• Task item: Exact copy, no pictures: repeat the data that follows.

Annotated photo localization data

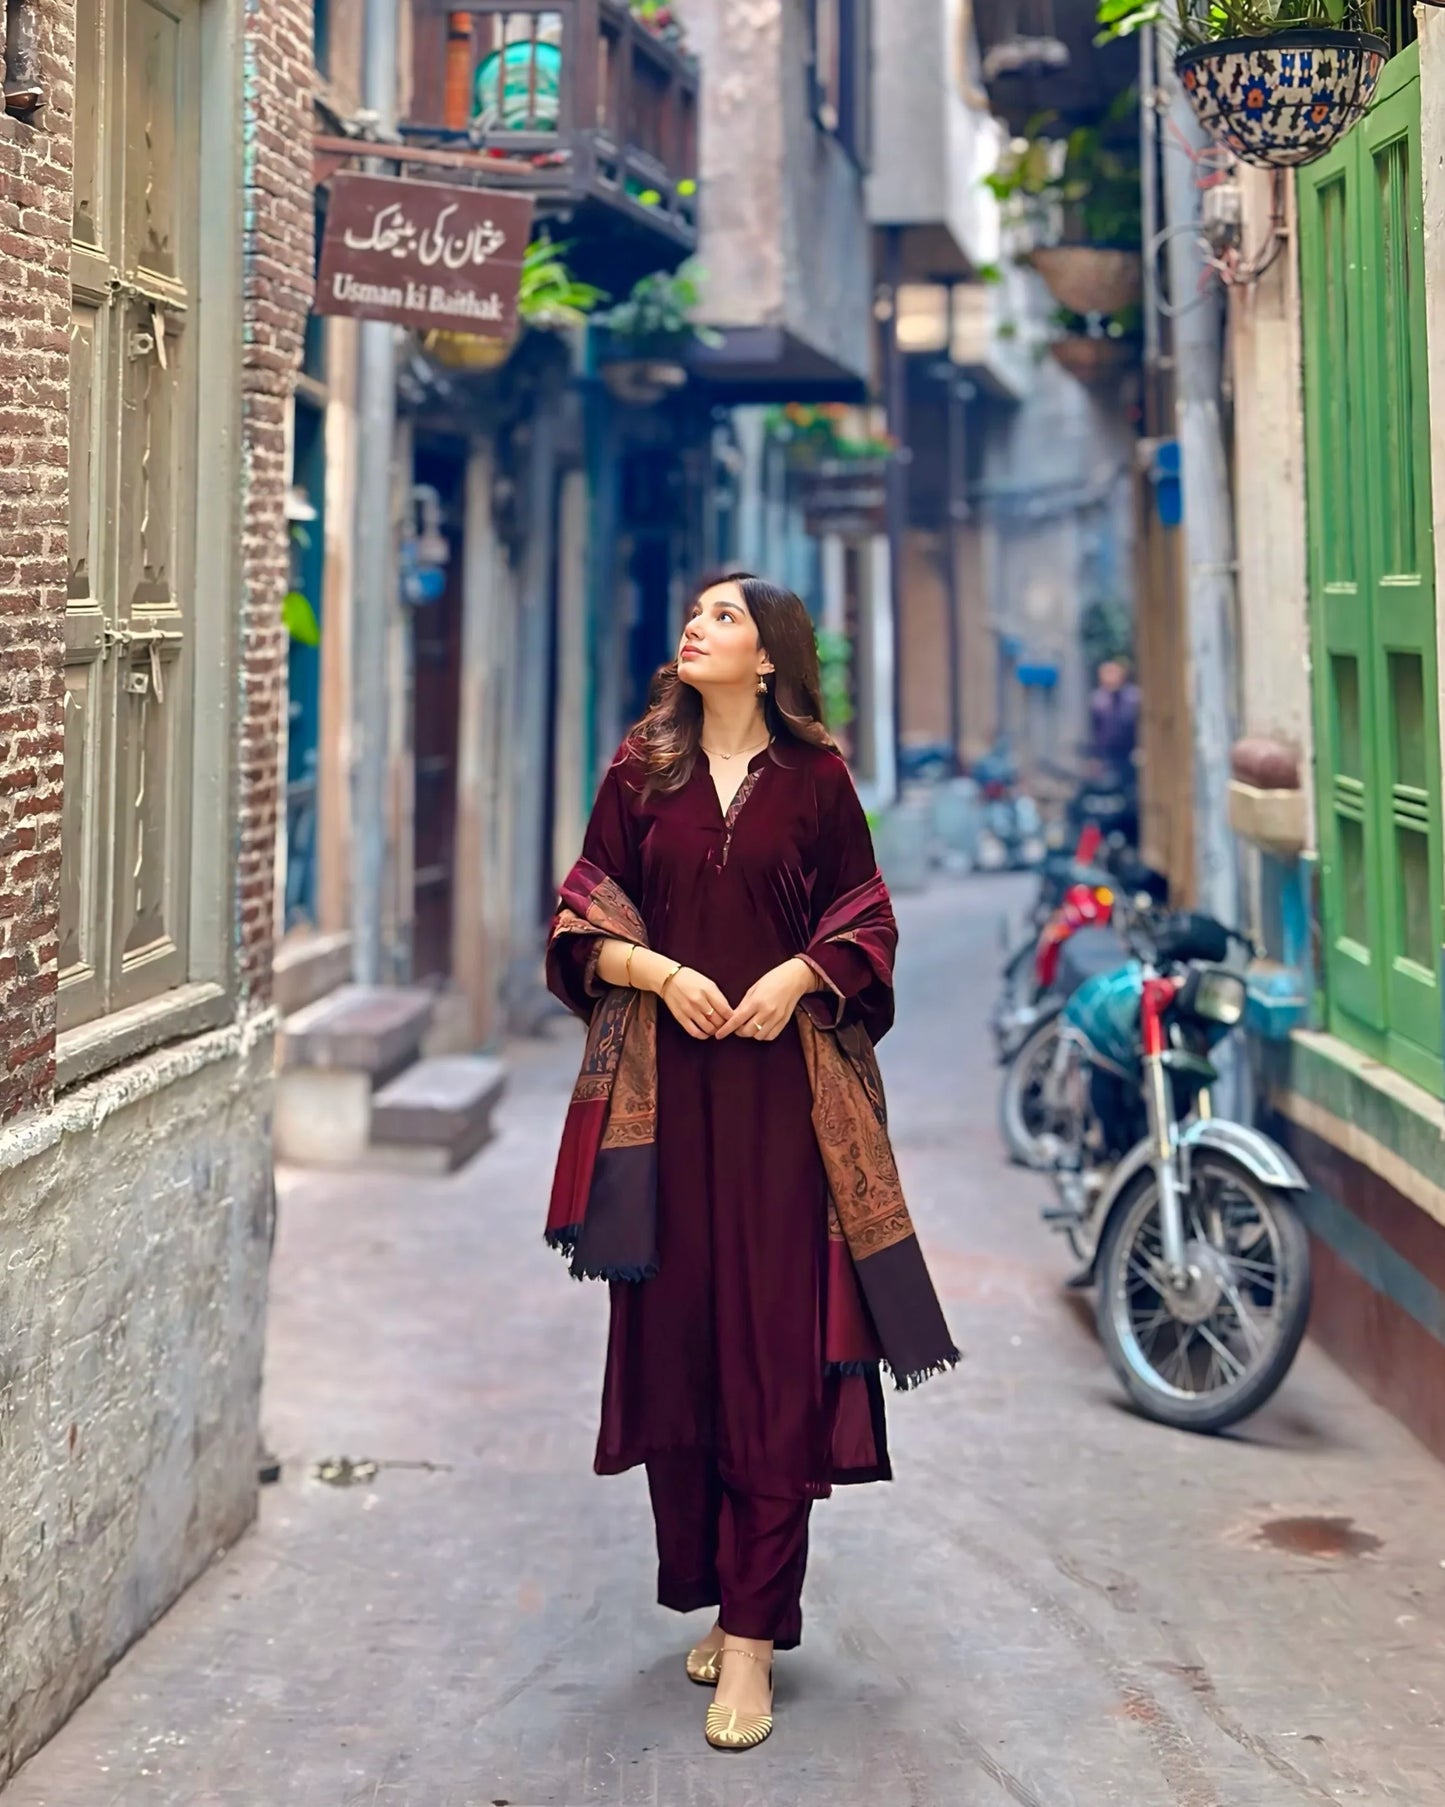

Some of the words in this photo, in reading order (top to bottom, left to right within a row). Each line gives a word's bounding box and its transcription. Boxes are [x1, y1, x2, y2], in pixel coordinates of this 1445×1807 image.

[418, 203, 459, 267] کی
[333, 272, 403, 308] Usman
[405, 282, 427, 311] ki
[429, 285, 504, 322] Baithak
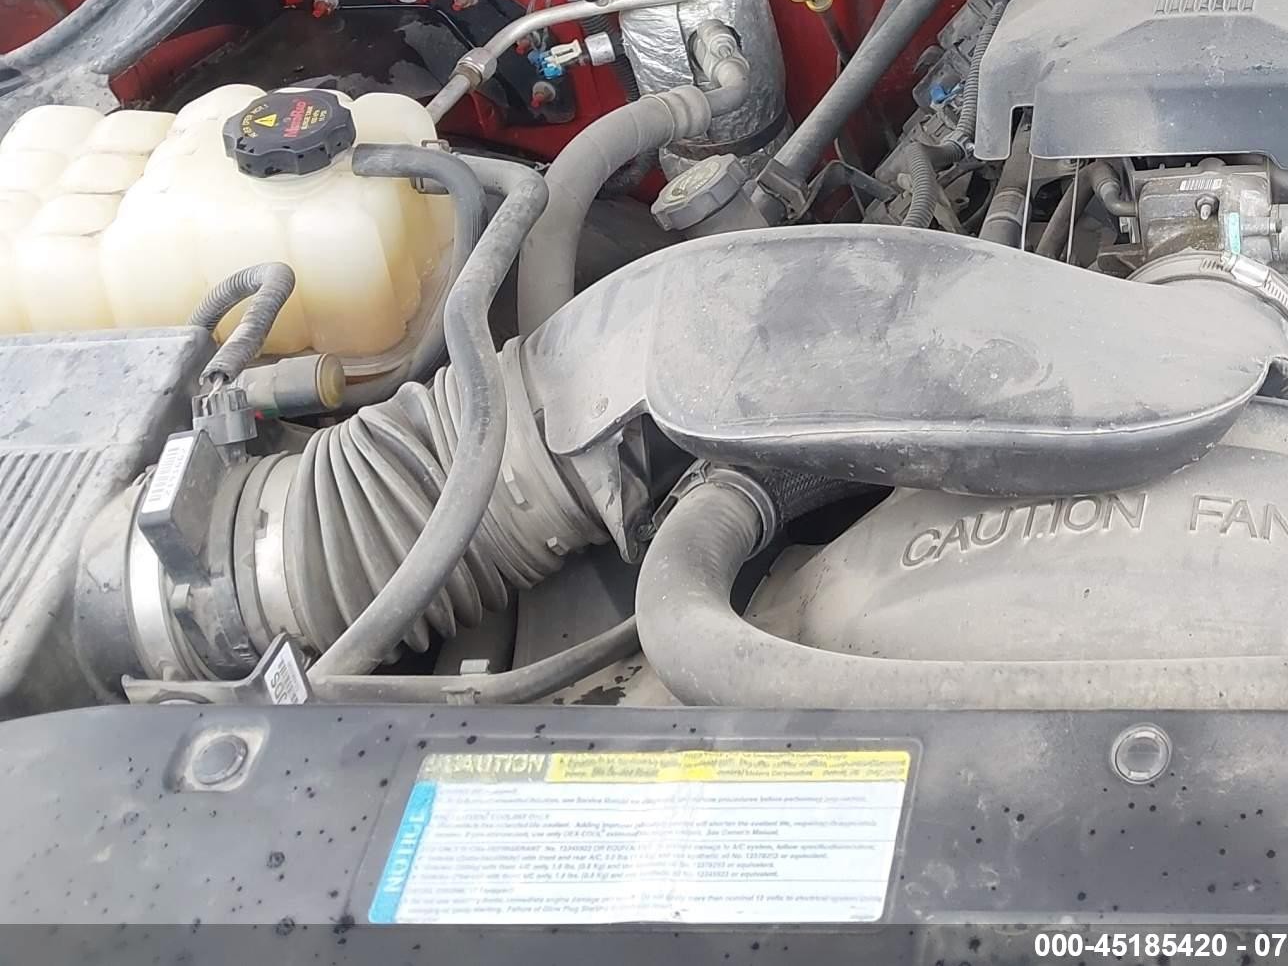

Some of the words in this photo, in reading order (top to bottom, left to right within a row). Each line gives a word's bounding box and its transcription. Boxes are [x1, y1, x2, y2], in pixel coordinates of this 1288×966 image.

[901, 492, 1148, 569] CAUTION
[449, 753, 545, 773] CAUTION
[383, 812, 425, 895] NOTICE
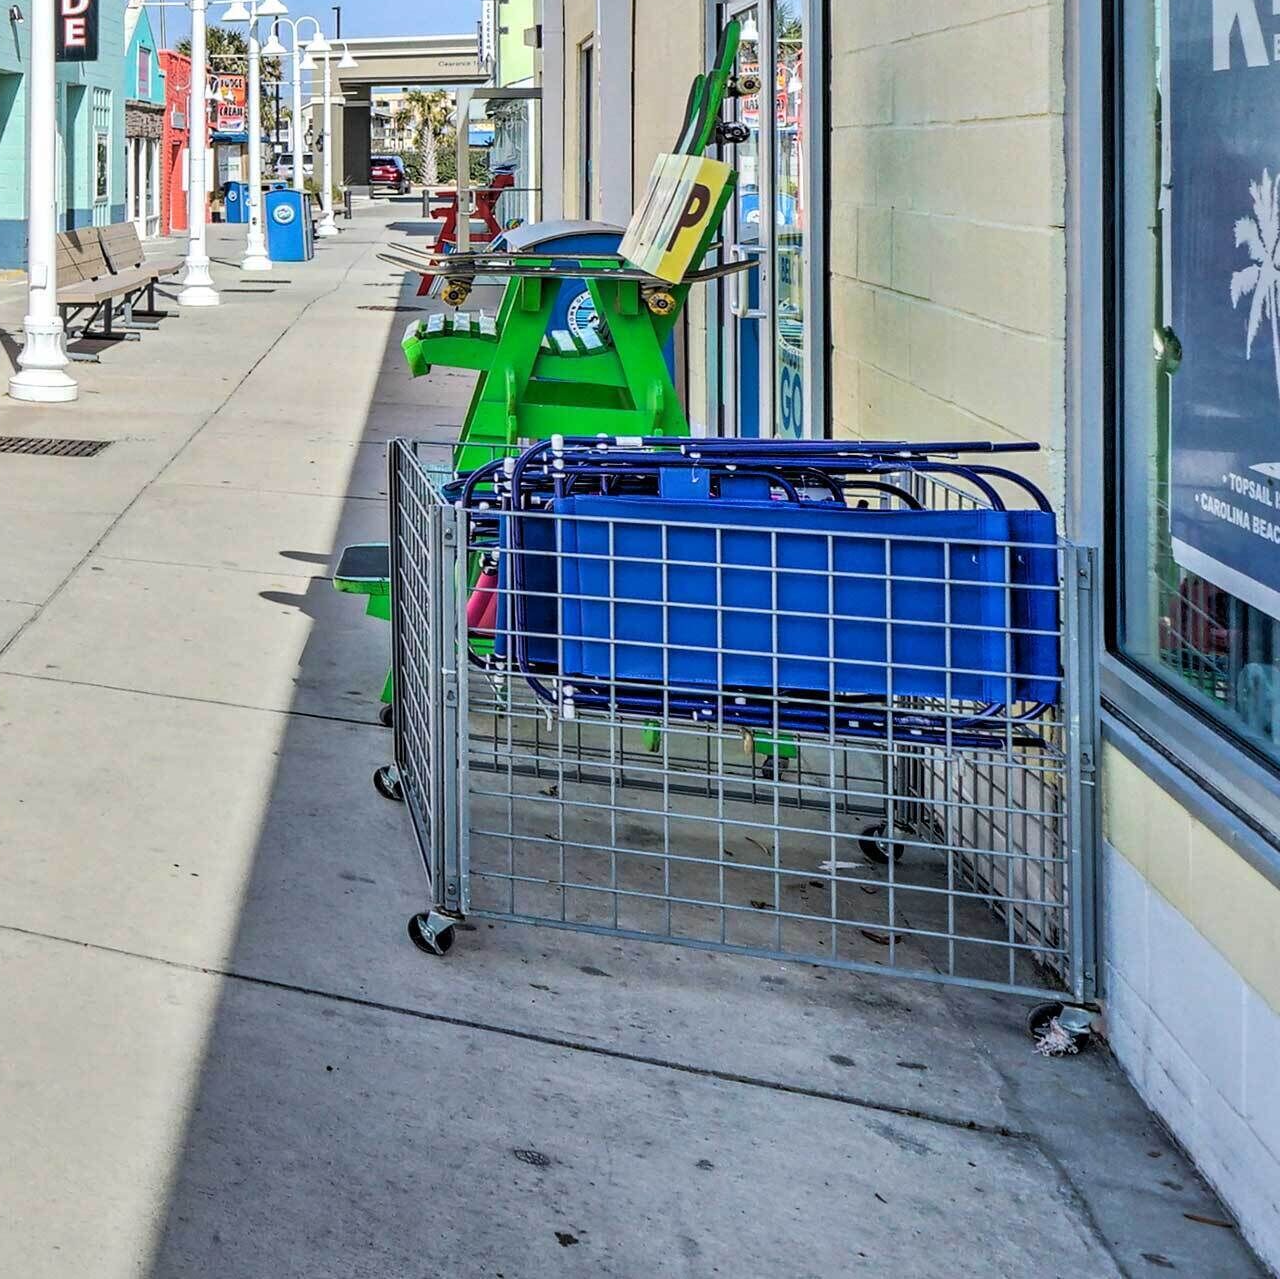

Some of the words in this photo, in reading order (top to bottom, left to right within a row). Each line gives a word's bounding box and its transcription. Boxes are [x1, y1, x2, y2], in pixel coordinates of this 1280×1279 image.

• Problem solution:
Some of the words in this photo, in reading order (top to bottom, left to right within a row). Each line gives a word's bounding box and its transcription. Boxes are [x1, y1, x2, y2], in pixel coordinates of this 1445×1807 image.

[418, 203, 459, 267] کی
[333, 272, 403, 308] Usman
[405, 282, 427, 311] ki
[429, 285, 504, 322] Baithak

Some of the words in this photo, in reading order (top to bottom, left to right within a row). Each line gives a word's bounding box and its transcription. Boxes are [x1, y1, x2, y2], in pixel coordinates of this 1288×966 image.

[901, 492, 1148, 569] CAUTION
[449, 753, 545, 773] CAUTION
[383, 812, 425, 895] NOTICE

Some of the words in this photo, in reading order (top to bottom, left to right within a row). Each line gives a word's bounding box and its transcription. Boxes are [x1, y1, x2, y2], in pixel coordinates of this 1280×1279 image.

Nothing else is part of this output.